Phrase grounding data:
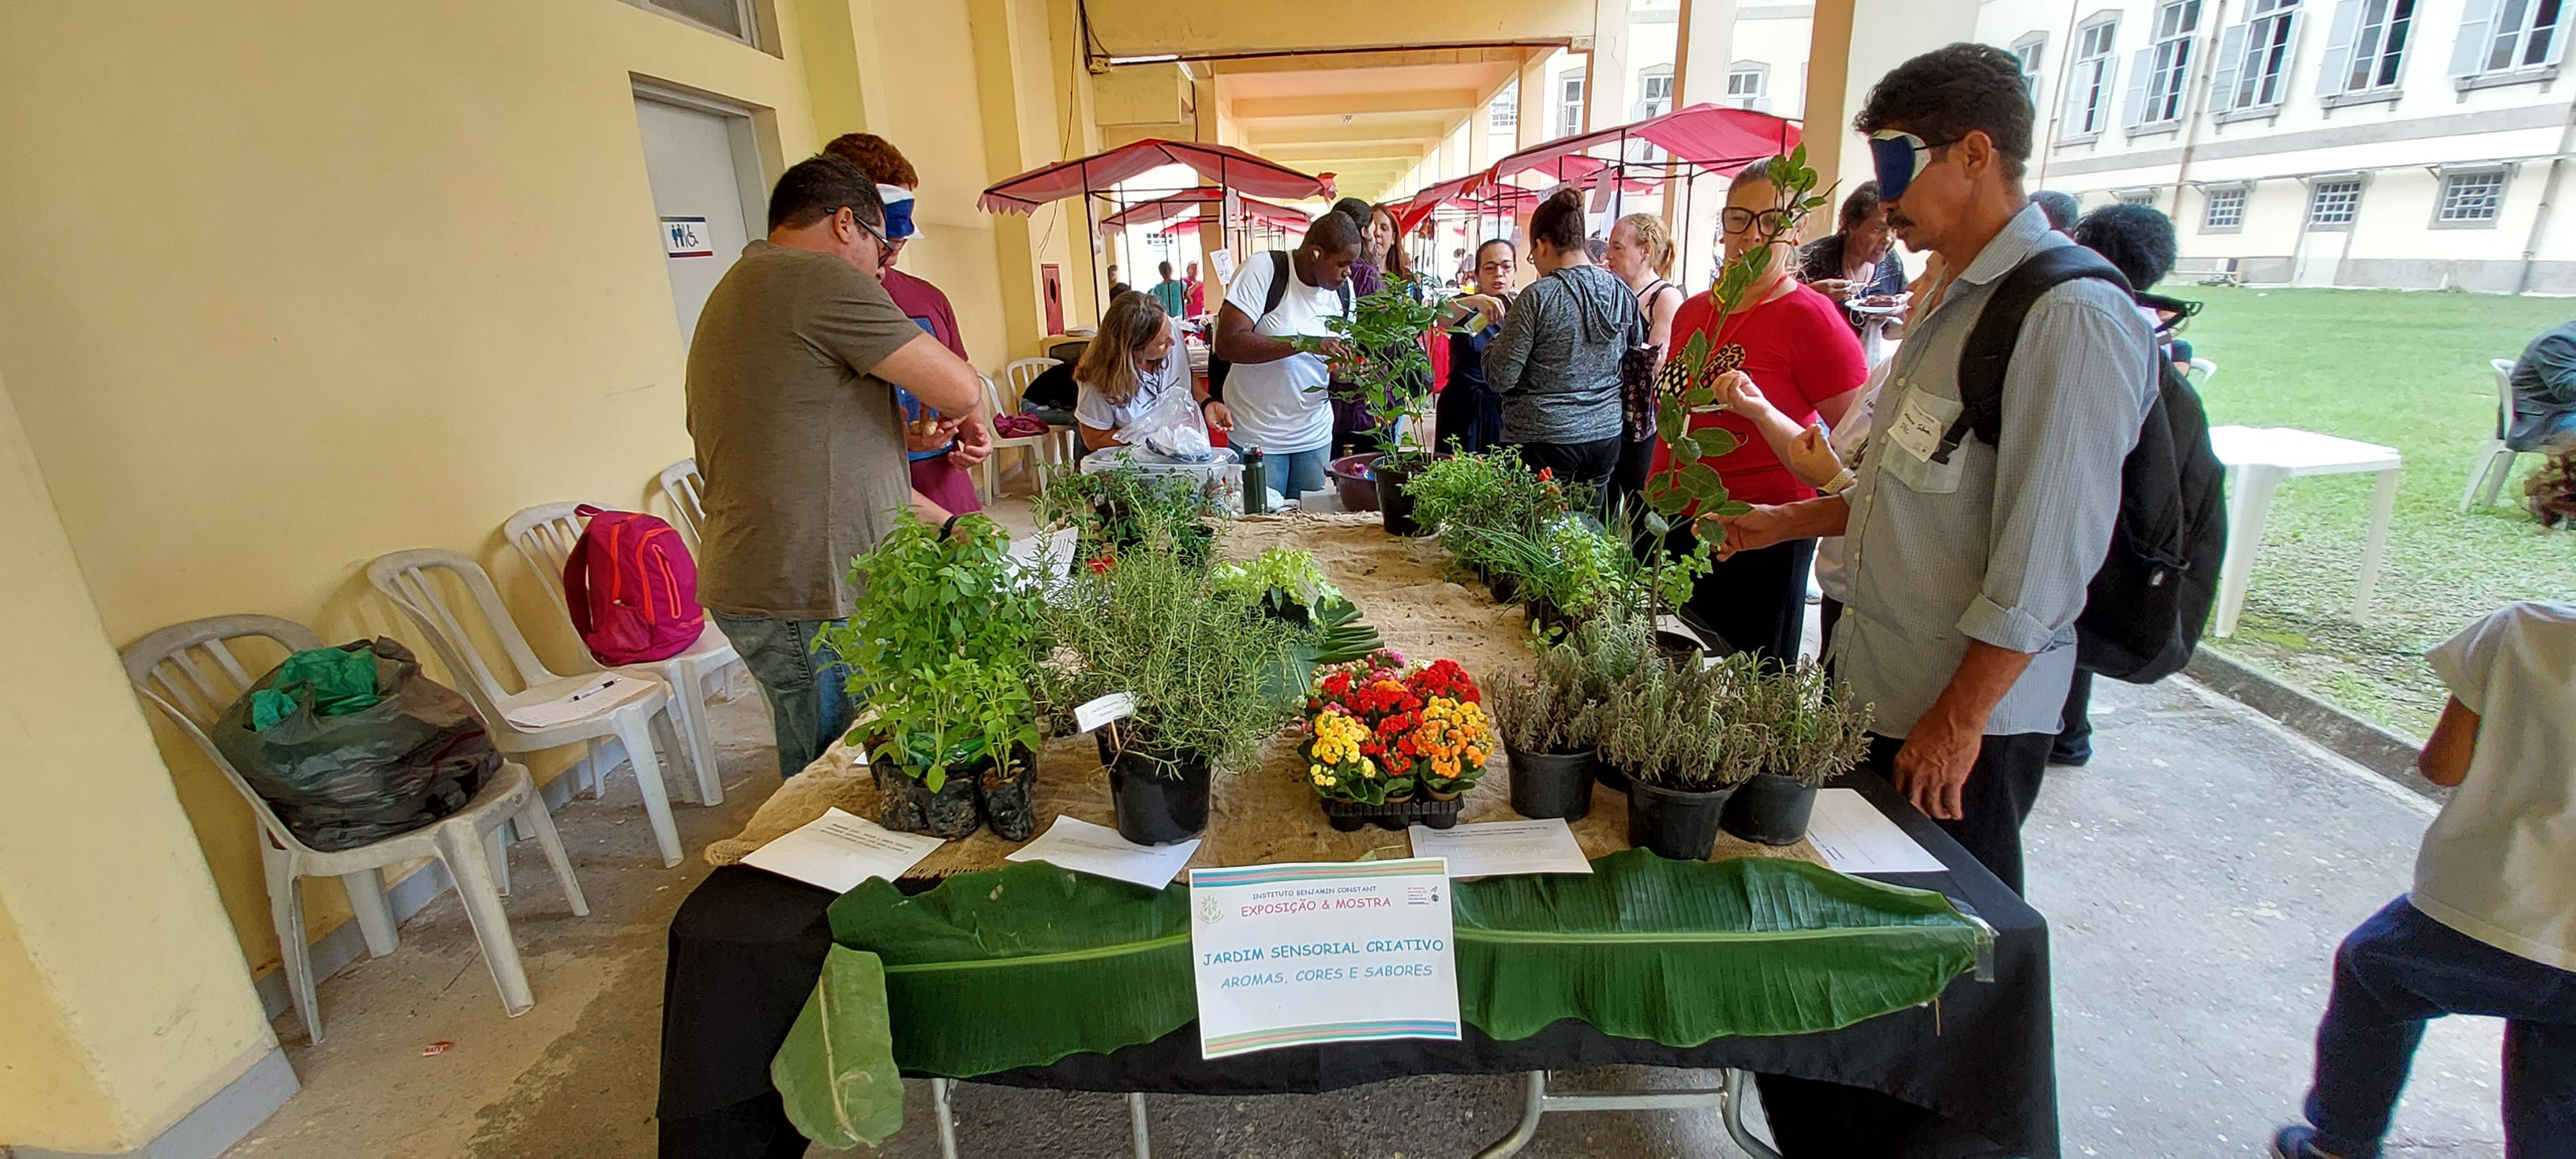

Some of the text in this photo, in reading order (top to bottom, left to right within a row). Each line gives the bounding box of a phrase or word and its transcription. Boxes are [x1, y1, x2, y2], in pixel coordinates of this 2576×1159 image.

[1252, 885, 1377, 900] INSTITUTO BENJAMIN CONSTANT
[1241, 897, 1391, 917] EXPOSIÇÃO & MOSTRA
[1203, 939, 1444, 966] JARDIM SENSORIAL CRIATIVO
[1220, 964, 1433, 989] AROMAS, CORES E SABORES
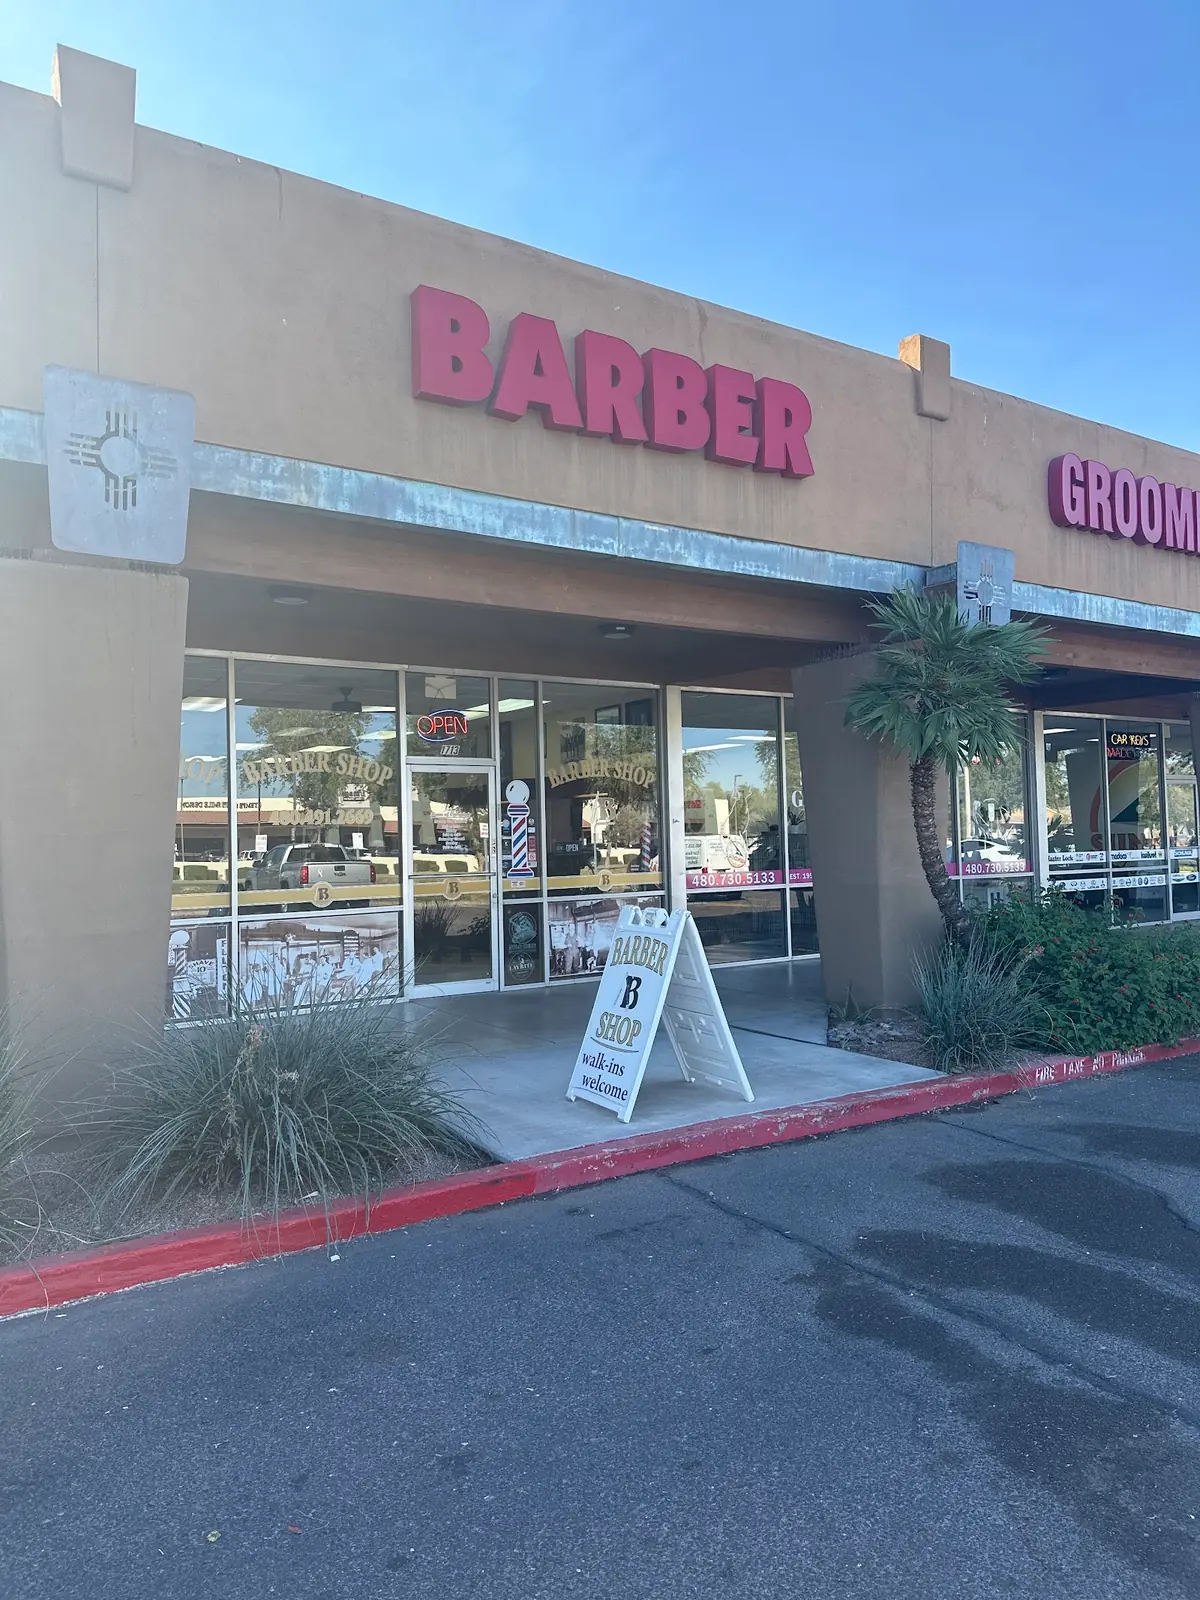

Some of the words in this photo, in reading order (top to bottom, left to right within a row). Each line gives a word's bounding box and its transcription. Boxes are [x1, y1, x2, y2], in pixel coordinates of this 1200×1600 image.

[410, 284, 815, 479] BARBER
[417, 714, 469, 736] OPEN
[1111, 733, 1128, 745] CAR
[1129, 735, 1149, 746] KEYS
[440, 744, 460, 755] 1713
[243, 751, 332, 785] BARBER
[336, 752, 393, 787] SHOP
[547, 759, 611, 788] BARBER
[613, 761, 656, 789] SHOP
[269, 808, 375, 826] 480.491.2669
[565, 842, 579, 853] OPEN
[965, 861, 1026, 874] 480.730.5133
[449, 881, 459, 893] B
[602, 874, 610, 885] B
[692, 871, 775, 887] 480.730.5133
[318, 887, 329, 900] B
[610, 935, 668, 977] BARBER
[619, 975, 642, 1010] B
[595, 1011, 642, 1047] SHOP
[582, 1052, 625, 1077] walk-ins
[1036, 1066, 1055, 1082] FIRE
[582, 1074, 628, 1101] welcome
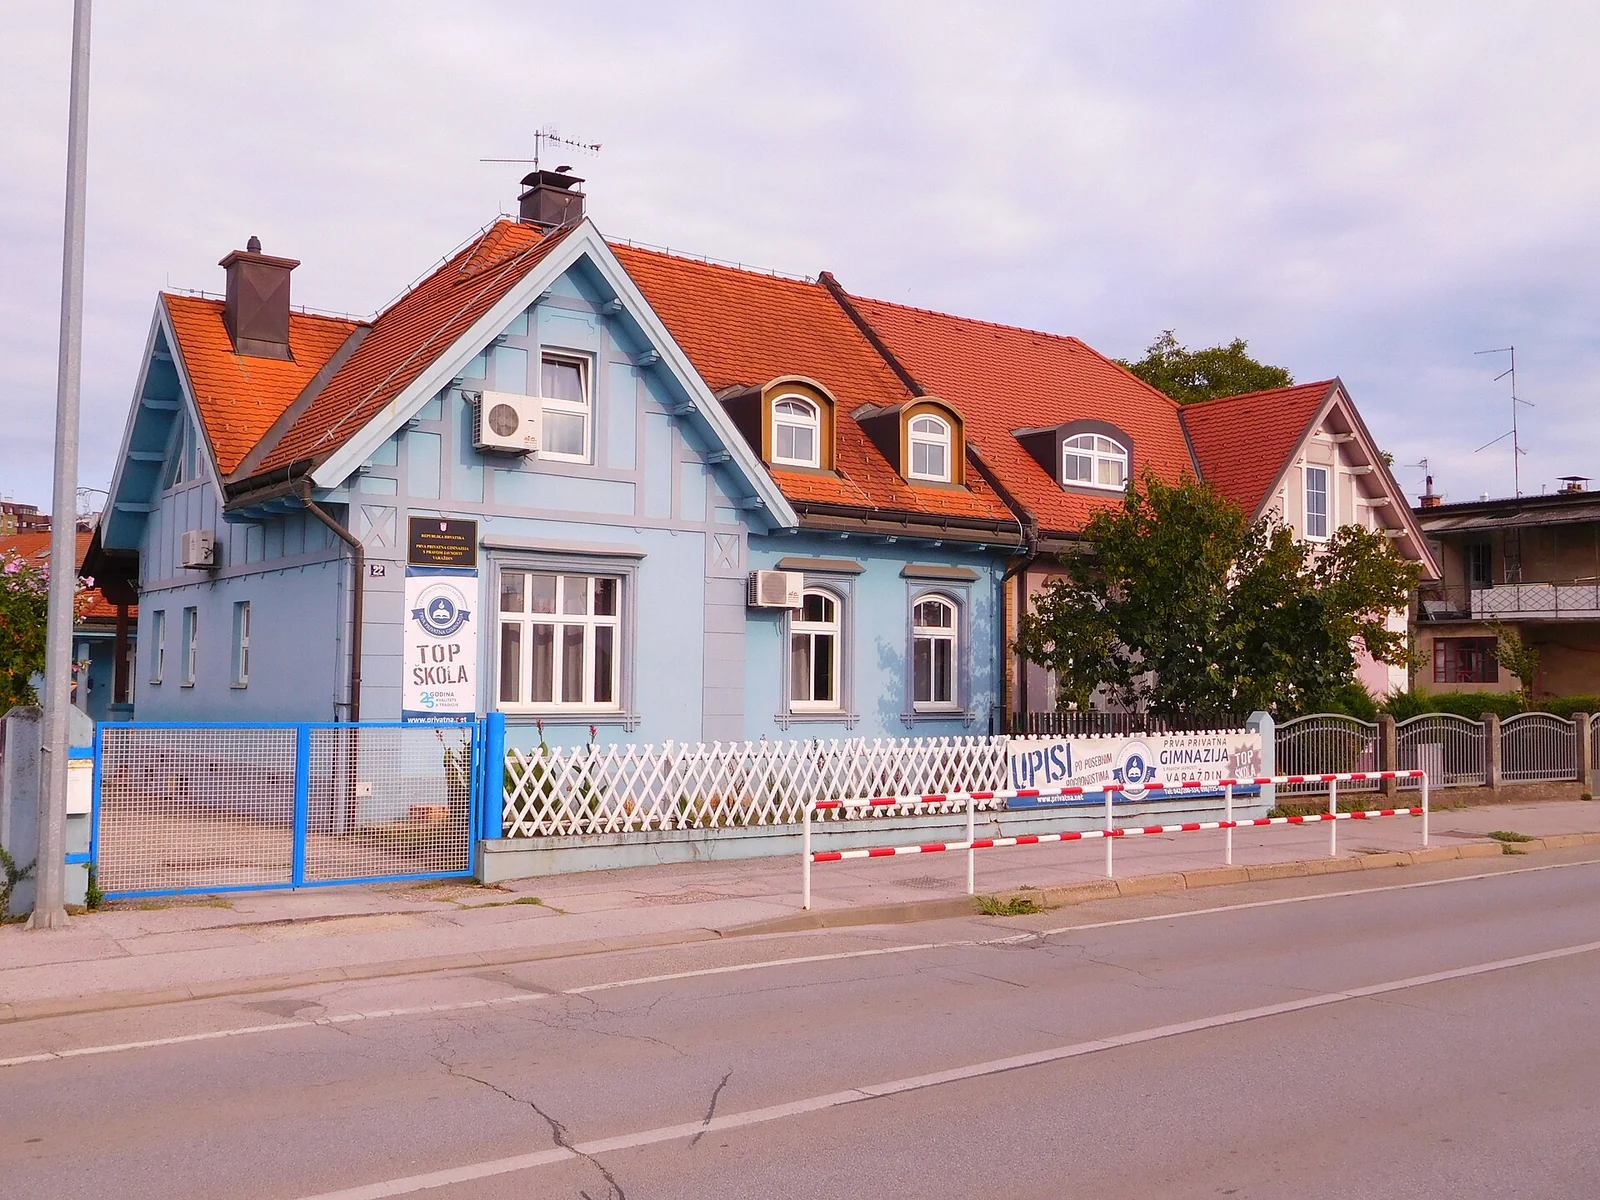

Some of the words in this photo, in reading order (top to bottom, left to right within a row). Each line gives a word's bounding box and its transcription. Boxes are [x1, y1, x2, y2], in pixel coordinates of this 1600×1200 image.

# [Work instruction]
Please write out, exactly, every line from the line with "this 1200×1600 image." through the final line of the data above, leaving out pictures.

# [Answer to this problem]
Some of the words in this photo, in reading order (top to bottom, left to right within a row). Each line gives a word's bounding box and its transcription. Boxes are [x1, y1, x2, y2], in pixel coordinates of this 1200×1600 image.

[410, 284, 815, 479] BARBER
[417, 714, 469, 736] OPEN
[1111, 733, 1128, 745] CAR
[1129, 735, 1149, 746] KEYS
[440, 744, 460, 755] 1713
[243, 751, 332, 785] BARBER
[336, 752, 393, 787] SHOP
[547, 759, 611, 788] BARBER
[613, 761, 656, 789] SHOP
[269, 808, 375, 826] 480.491.2669
[565, 842, 579, 853] OPEN
[965, 861, 1026, 874] 480.730.5133
[449, 881, 459, 893] B
[602, 874, 610, 885] B
[692, 871, 775, 887] 480.730.5133
[318, 887, 329, 900] B
[610, 935, 668, 977] BARBER
[619, 975, 642, 1010] B
[595, 1011, 642, 1047] SHOP
[582, 1052, 625, 1077] walk-ins
[1036, 1066, 1055, 1082] FIRE
[582, 1074, 628, 1101] welcome

Some of the words in this photo, in reading order (top to bottom, left to right within a row). Each line gives a word's bounding box and its transcription. Boxes are [x1, y1, x2, y2], in pixel coordinates of this 1600×1200 image.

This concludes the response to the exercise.